- **Exercise aim**: Transcribe all of the data exactly. Images stay out.

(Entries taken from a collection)
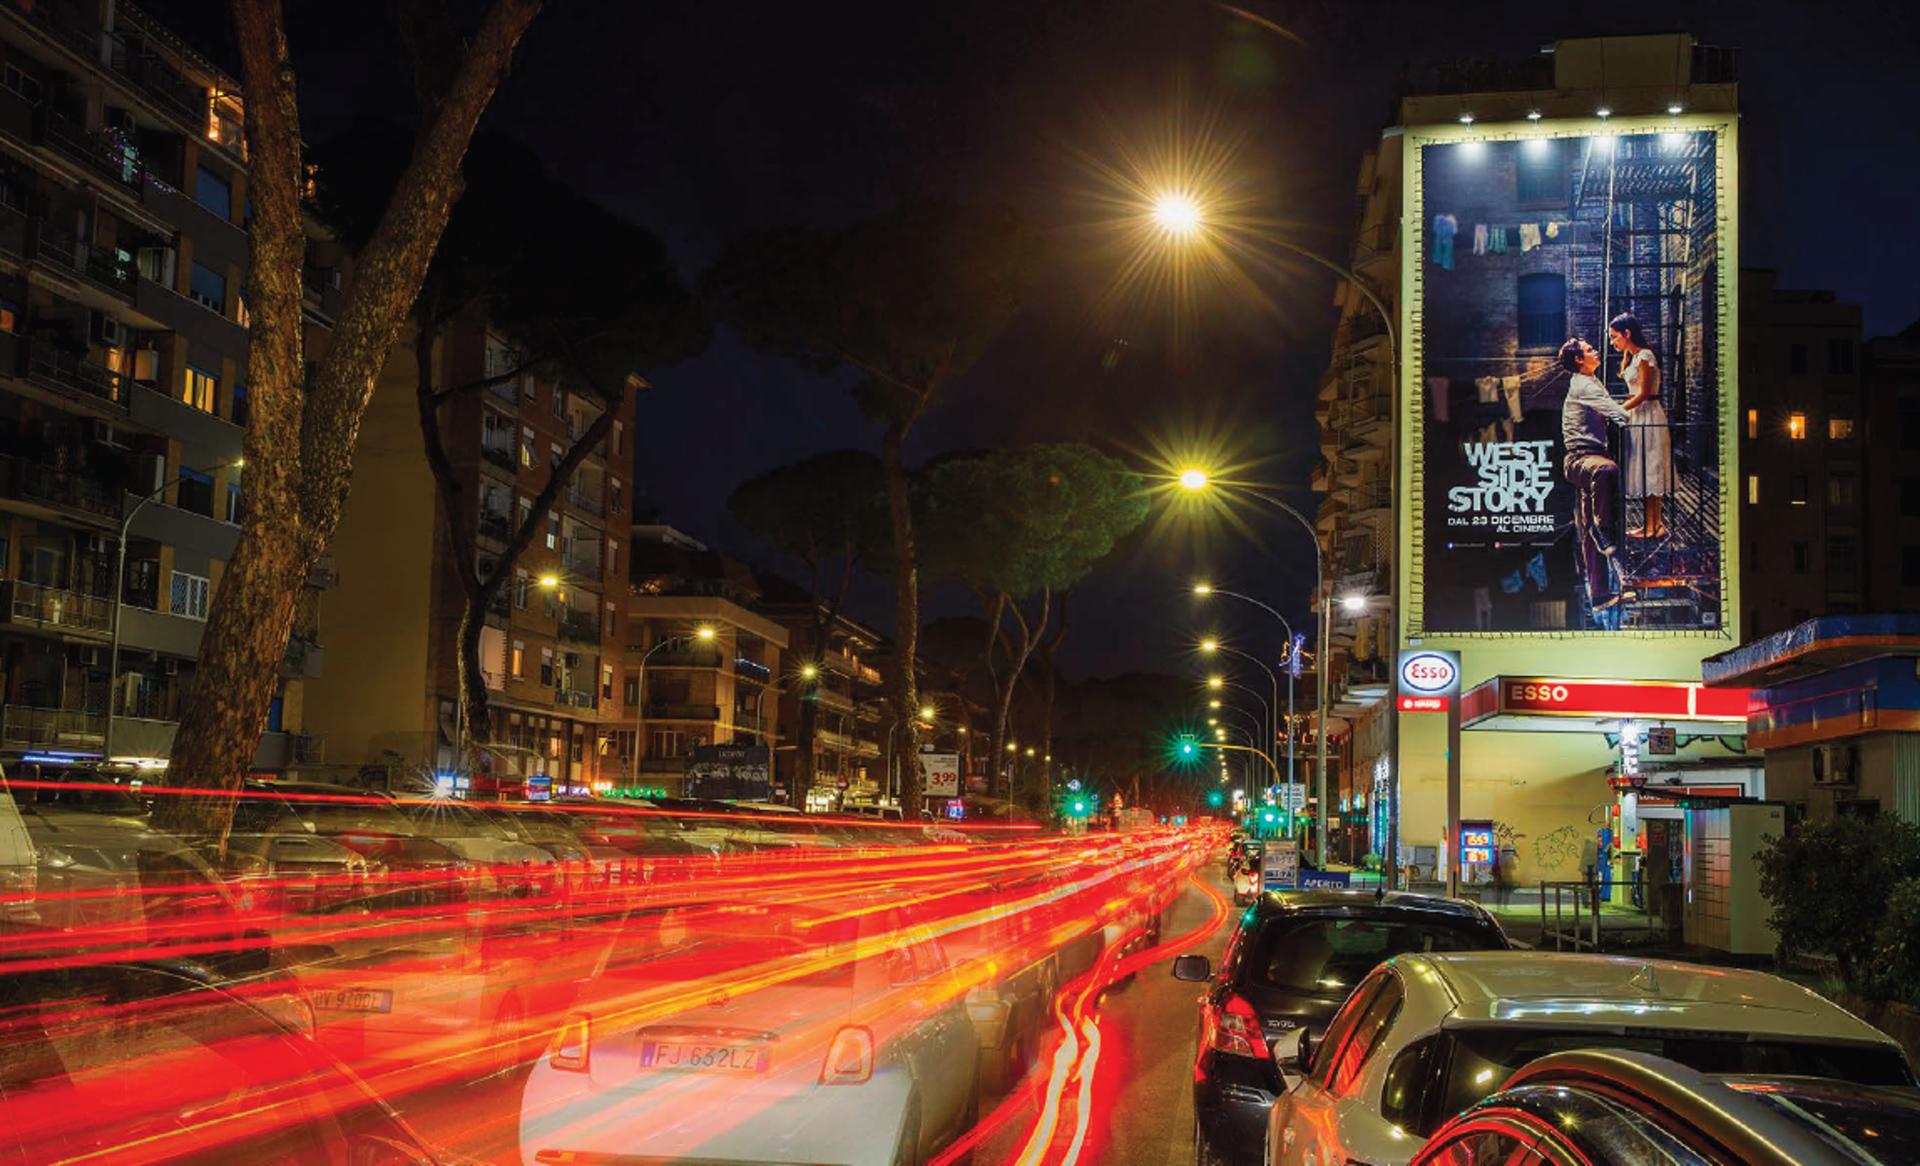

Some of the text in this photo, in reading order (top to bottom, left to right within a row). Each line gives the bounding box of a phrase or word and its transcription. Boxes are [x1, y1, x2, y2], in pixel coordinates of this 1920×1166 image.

[1463, 440, 1554, 467] WEST
[1478, 460, 1553, 488] SIDE
[1447, 481, 1554, 513] STORY
[1447, 515, 1554, 526] DAL 23 DICEMBRE
[1496, 525, 1554, 533] AL CINEMA
[1511, 685, 1568, 701] ESSO
[932, 772, 957, 787] 3,99
[656, 1045, 756, 1069] FJ 632LZ

- **Your response**:
Some of the text in this photo, in reading order (top to bottom, left to right within a row). Each line gives the bounding box of a phrase or word and its transcription. Boxes are [x1, y1, x2, y2], in pixel coordinates of this 1920×1166 image.

[1463, 440, 1554, 467] WEST
[1478, 460, 1553, 488] SIDE
[1447, 481, 1554, 513] STORY
[1447, 515, 1554, 526] DAL 23 DICEMBRE
[1496, 525, 1554, 533] AL CINEMA
[1511, 685, 1568, 701] ESSO
[932, 772, 957, 787] 3,99
[656, 1045, 756, 1069] FJ 632LZ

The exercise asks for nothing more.